More Minnesotans than ever rely on prescription drugs to manage diseases that once were fatal or debilitating. These drugs can be lifesaving, but often come with price tags that can prove disruptive to care. One study found 4 out of 10 cancer patients abandon their treatment when it costs more than $2,000.

As a small-business owner in Bemidji and a health care provider in Rochester, we understand the different sides of these challenges. What brings us together today is our enthusiasm for a legislative proposal that makes drug costs more manageable for some Minnesotans without hurting coverage for others.

SF 365 and HF 633 are bipartisan bills that would require Minnesota insurers to offer a "copay-only" drug coverage option for a small portion of their individual and small-group health plans. People who choose this option would have their prescription costs spread out across the year, instead of facing massive deductible and coinsurance bills at the start of the year.

These patients would still pay their expected share of their care costs. And Minnesotans who don't want this kind of coverage wouldn't see any changes in their plans. The bills have the support of 23 patient advocacy, medical, pharmacy and public health organizations representing voices across the state.

If this proposal sounds too good to be true, it's not. The Minnesota Department of Commerce conducted a detailed review of the impact this legislation would have on Minnesota consumers and health plans. The department confirmed at a Feb. 9 hearing that this proposal would improve public health and economic stability for patients by making it easier to afford medications and stay on them, and with no financial impact to people choosing to buy other kinds of coverage.

This is a sensible idea, but it's hard for insurers to do it on their own. If a solitary insurer steps forward to do this, they will attract more customers with health problems compared to their competitors, and they'll be at a competitive disadvantage. This is what happened in Colorado when the state adopted a voluntary model in the middle of the last decade: Colorado found success with copay-only plans in 2018 when it required all insurers to participate. With all the insurers at the table, everyone shares in the risk and the concept works for everyone.

Frankly, insurance companies have stood in the way. When the bill came forward last year, insurers asked state lawmakers to first analyze the impact of the bill. That was a fair request. But even since the department's analysis came back — again, showing the copay-only model would work without impacting other Minnesotans who buy their own coverage — insurers remain privately opposed and refuse to state their concerns in public where all sides could sort through the facts and seek consensus.
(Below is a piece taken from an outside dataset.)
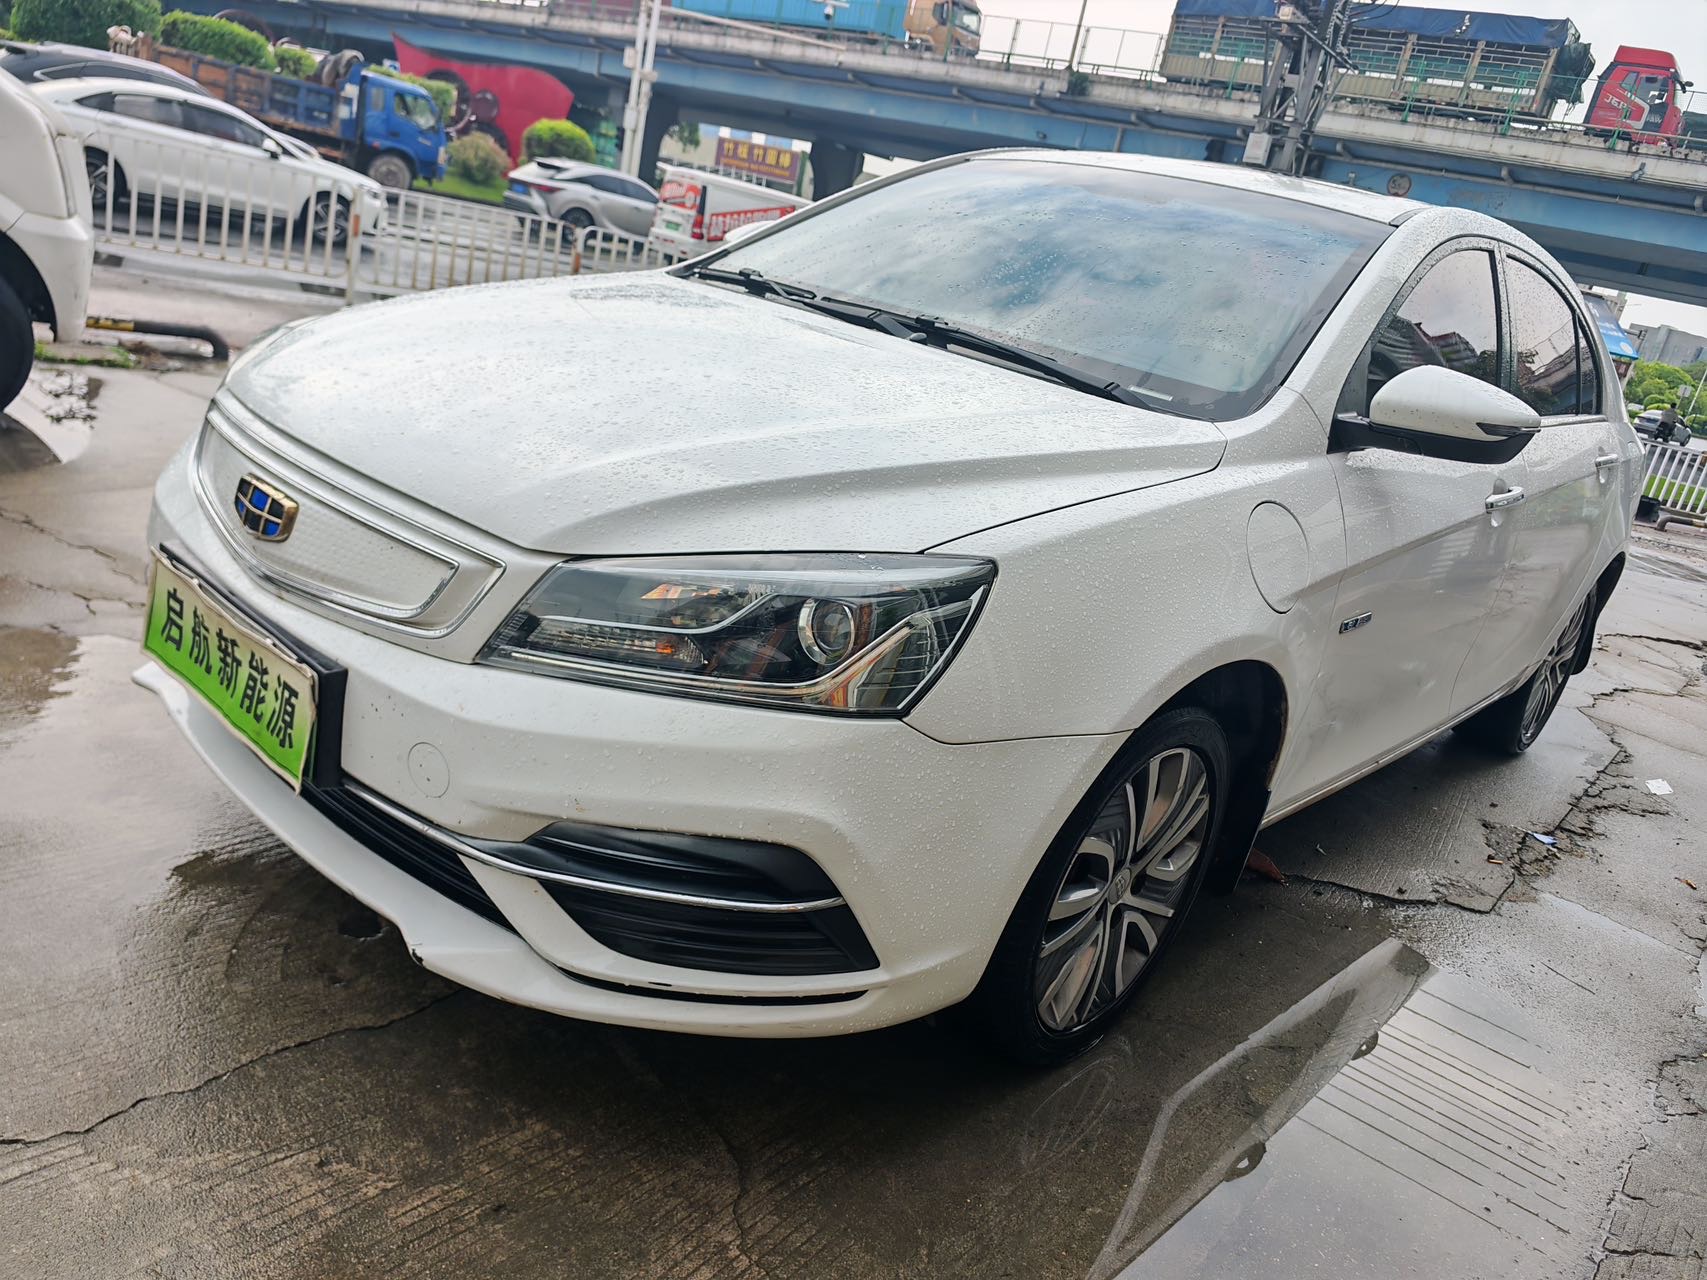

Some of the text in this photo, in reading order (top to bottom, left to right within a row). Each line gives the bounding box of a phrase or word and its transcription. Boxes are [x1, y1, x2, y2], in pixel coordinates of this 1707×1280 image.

[160, 587, 300, 750] 启航新能源
Without legislative action, Minnesota will soon become one of just a handful of states without a copay relief option for consumers on the individual market. Colorado is one of 11 states that have adopted some form of copay relief law, and changes at the federal level are poised to bring similar options to 30 more states in 2023.

There is still time for Minnesota Senate and House leaders to pass these bills, especially if they agree to include this provision in the reinsurance bill being negotiated this month. But the clock is ticking in St. Paul.

Tom Vanderwal, of Bemidji, is program director of Greater Northwest Emergency Medical Services. Andrew Herber, of Rochester, is a physician assistant at the Mayo Clinic. The views expressed here are solely the authors'.